Re: [PATCH bpf-next 2/2] selftest/bpf: Implement sample UNIX domain socket iterator program.

Yonghong Song <yhs@xxxxxx> · Thu, 29 Jul 2021 23:54:26 -0700

On 7/29/21 4:36 PM, Kuniyuki Iwashima wrote:
If there are no abstract sockets, this prog can output the same result
compared to /proc/net/unix.

   # cat /sys/fs/bpf/unix | head -n 2
   Num       RefCount Protocol Flags    Type St Inode Path
   ffff9ab7122db000: 00000002 00000000 00010000 0001 01 10623 private/defer

   # cat /proc/net/unix | head -n 2
   Num       RefCount Protocol Flags    Type St Inode Path
   ffff9ab7122db000: 00000002 00000000 00010000 0001 01 10623 private/defer

Signed-off-by: Kuniyuki Iwashima <kuniyu@xxxxxxxxxxxx>
---
  .../selftests/bpf/prog_tests/bpf_iter.c       | 17 +++++
  .../selftests/bpf/progs/bpf_iter_unix.c       | 75 +++++++++++++++++++
  2 files changed, 92 insertions(+)
  create mode 100644 tools/testing/selftests/bpf/progs/bpf_iter_unix.c

diff --git a/tools/testing/selftests/bpf/prog_tests/bpf_iter.c b/tools/testing/selftests/bpf/prog_tests/bpf_iter.c
index 1f1aade56504..4746bac68d36 100644
--- a/tools/testing/selftests/bpf/prog_tests/bpf_iter.c
+++ b/tools/testing/selftests/bpf/prog_tests/bpf_iter.c
@@ -13,6 +13,7 @@
  #include "bpf_iter_tcp6.skel.h"
  #include "bpf_iter_udp4.skel.h"
  #include "bpf_iter_udp6.skel.h"
+#include "bpf_iter_unix.skel.h"
  #include "bpf_iter_test_kern1.skel.h"
  #include "bpf_iter_test_kern2.skel.h"
  #include "bpf_iter_test_kern3.skel.h"
@@ -313,6 +314,20 @@ static void test_udp6(void)
  	bpf_iter_udp6__destroy(skel);
  }
  
+static void test_unix(void)
+{
+	struct bpf_iter_unix *skel;
+
+	skel = bpf_iter_unix__open_and_load();
+	if (CHECK(!skel, "bpf_iter_unix__open_and_load",
+		  "skeleton open_and_load failed\n"))
+		return;
+
+	do_dummy_read(skel->progs.dump_unix);
+
+	bpf_iter_unix__destroy(skel);
+}
+
  /* The expected string is less than 16 bytes */
  static int do_read_with_fd(int iter_fd, const char *expected,
  			   bool read_one_char)
@@ -1255,6 +1270,8 @@ void test_bpf_iter(void)
  		test_udp4();
  	if (test__start_subtest("udp6"))
  		test_udp6();
+	if (test__start_subtest("unix"))
+		test_unix();
  	if (test__start_subtest("anon"))
  		test_anon_iter(false);
  	if (test__start_subtest("anon-read-one-char"))
diff --git a/tools/testing/selftests/bpf/progs/bpf_iter_unix.c b/tools/testing/selftests/bpf/progs/bpf_iter_unix.c
new file mode 100644
index 000000000000..285ec2f7944d
--- /dev/null
+++ b/tools/testing/selftests/bpf/progs/bpf_iter_unix.c
@@ -0,0 +1,75 @@
+// SPDX-License-Identifier: GPL-2.0
+/* Copyright Amazon.com Inc. or its affiliates. */
+#include "bpf_iter.h"

Could you add bpf_iter__unix to bpf_iter.h similar to bpf_iter__sockmap?
The main purpose is to make test tolerating with old vmlinux.h.

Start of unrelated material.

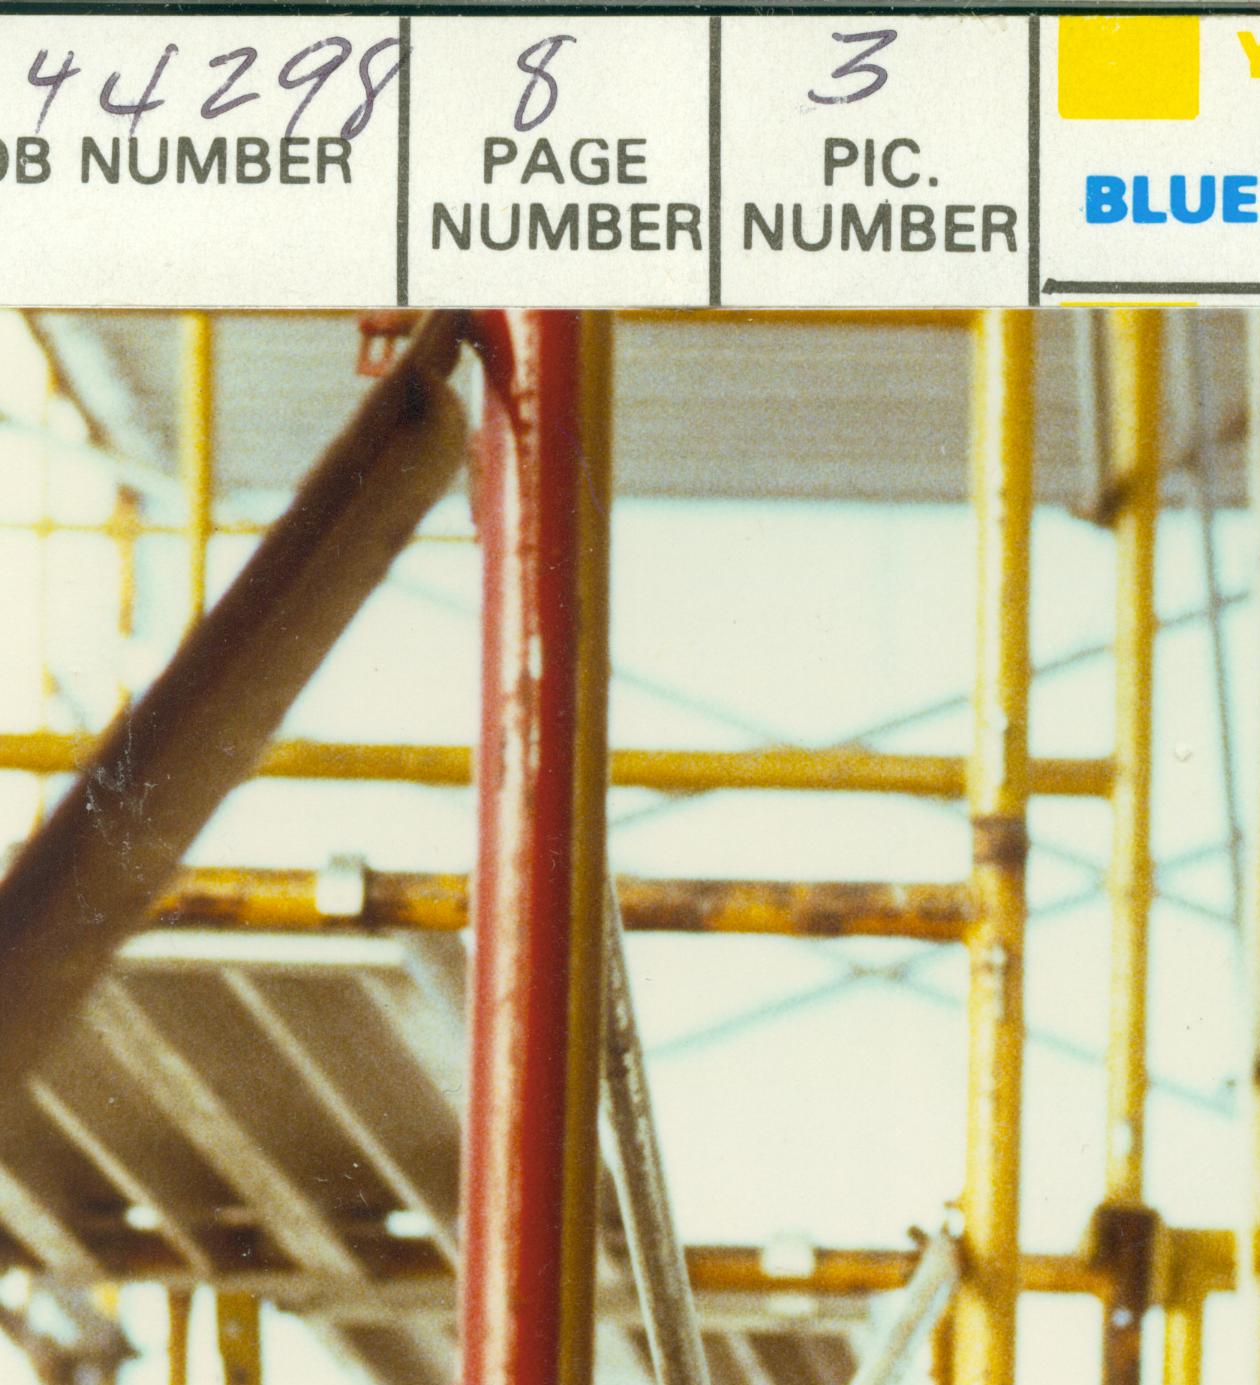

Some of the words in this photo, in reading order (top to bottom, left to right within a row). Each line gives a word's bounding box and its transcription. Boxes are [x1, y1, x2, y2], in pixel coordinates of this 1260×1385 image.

+#include "bpf_tracing_net.h"
+#include <bpf/bpf_helpers.h>
+#include <bpf/bpf_endian.h>
+
+char _license[] SEC("license") = "GPL";
+
+#define __SO_ACCEPTCON		(1 << 16)
+#define UNIX_HASH_SIZE		256
+#define UNIX_ABSTRACT(unix_sk)	(unix_sk->addr->hash < UNIX_HASH_SIZE)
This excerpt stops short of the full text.